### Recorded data
------

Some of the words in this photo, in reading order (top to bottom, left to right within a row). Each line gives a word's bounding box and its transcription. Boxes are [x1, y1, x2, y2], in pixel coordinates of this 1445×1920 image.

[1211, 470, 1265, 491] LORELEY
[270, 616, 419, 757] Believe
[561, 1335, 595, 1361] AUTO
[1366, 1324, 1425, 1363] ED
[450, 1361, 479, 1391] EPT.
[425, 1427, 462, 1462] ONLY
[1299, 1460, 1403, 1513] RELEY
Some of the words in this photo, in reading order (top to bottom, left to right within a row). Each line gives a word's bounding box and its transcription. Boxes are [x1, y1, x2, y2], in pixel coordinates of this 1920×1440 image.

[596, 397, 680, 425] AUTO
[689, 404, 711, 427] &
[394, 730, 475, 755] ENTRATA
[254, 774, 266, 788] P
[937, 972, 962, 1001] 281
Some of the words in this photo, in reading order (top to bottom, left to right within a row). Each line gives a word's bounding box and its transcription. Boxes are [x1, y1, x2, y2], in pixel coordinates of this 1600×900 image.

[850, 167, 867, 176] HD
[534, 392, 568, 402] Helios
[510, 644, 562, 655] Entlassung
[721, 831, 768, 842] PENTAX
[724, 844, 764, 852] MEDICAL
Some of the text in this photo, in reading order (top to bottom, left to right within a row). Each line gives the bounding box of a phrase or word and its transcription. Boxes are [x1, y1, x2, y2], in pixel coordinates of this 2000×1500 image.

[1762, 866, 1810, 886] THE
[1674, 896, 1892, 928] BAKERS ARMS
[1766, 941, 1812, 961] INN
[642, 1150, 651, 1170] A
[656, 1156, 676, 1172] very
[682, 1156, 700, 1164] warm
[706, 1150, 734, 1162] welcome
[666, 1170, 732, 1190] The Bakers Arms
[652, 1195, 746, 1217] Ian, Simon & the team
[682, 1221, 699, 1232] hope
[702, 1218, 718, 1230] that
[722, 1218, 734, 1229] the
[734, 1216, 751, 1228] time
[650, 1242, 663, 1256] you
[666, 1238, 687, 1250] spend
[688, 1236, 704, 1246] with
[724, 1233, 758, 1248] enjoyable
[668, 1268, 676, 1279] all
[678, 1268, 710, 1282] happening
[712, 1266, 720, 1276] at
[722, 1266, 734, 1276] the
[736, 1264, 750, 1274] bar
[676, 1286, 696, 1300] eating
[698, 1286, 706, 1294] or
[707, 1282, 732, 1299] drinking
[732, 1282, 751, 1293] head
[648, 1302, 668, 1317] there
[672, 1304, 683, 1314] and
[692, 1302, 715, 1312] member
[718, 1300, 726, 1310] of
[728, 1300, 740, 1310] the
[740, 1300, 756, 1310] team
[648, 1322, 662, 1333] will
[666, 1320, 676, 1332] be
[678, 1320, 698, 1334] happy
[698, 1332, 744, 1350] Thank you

------

### Your instructions
Write out the records above exactly as given.

### Task output
Some of the words in this photo, in reading order (top to bottom, left to right within a row). Each line gives a word's bounding box and its transcription. Boxes are [x1, y1, x2, y2], in pixel coordinates of this 1445×1920 image.

[1211, 470, 1265, 491] LORELEY
[270, 616, 419, 757] Believe
[561, 1335, 595, 1361] AUTO
[1366, 1324, 1425, 1363] ED
[450, 1361, 479, 1391] EPT.
[425, 1427, 462, 1462] ONLY
[1299, 1460, 1403, 1513] RELEY
Some of the words in this photo, in reading order (top to bottom, left to right within a row). Each line gives a word's bounding box and its transcription. Boxes are [x1, y1, x2, y2], in pixel coordinates of this 1920×1440 image.

[596, 397, 680, 425] AUTO
[689, 404, 711, 427] &
[394, 730, 475, 755] ENTRATA
[254, 774, 266, 788] P
[937, 972, 962, 1001] 281
Some of the words in this photo, in reading order (top to bottom, left to right within a row). Each line gives a word's bounding box and its transcription. Boxes are [x1, y1, x2, y2], in pixel coordinates of this 1600×900 image.

[850, 167, 867, 176] HD
[534, 392, 568, 402] Helios
[510, 644, 562, 655] Entlassung
[721, 831, 768, 842] PENTAX
[724, 844, 764, 852] MEDICAL
Some of the text in this photo, in reading order (top to bottom, left to right within a row). Each line gives the bounding box of a phrase or word and its transcription. Boxes are [x1, y1, x2, y2], in pixel coordinates of this 2000×1500 image.

[1762, 866, 1810, 886] THE
[1674, 896, 1892, 928] BAKERS ARMS
[1766, 941, 1812, 961] INN
[642, 1150, 651, 1170] A
[656, 1156, 676, 1172] very
[682, 1156, 700, 1164] warm
[706, 1150, 734, 1162] welcome
[666, 1170, 732, 1190] The Bakers Arms
[652, 1195, 746, 1217] Ian, Simon & the team
[682, 1221, 699, 1232] hope
[702, 1218, 718, 1230] that
[722, 1218, 734, 1229] the
[734, 1216, 751, 1228] time
[650, 1242, 663, 1256] you
[666, 1238, 687, 1250] spend
[688, 1236, 704, 1246] with
[724, 1233, 758, 1248] enjoyable
[668, 1268, 676, 1279] all
[678, 1268, 710, 1282] happening
[712, 1266, 720, 1276] at
[722, 1266, 734, 1276] the
[736, 1264, 750, 1274] bar
[676, 1286, 696, 1300] eating
[698, 1286, 706, 1294] or
[707, 1282, 732, 1299] drinking
[732, 1282, 751, 1293] head
[648, 1302, 668, 1317] there
[672, 1304, 683, 1314] and
[692, 1302, 715, 1312] member
[718, 1300, 726, 1310] of
[728, 1300, 740, 1310] the
[740, 1300, 756, 1310] team
[648, 1322, 662, 1333] will
[666, 1320, 676, 1332] be
[678, 1320, 698, 1334] happy
[698, 1332, 744, 1350] Thank you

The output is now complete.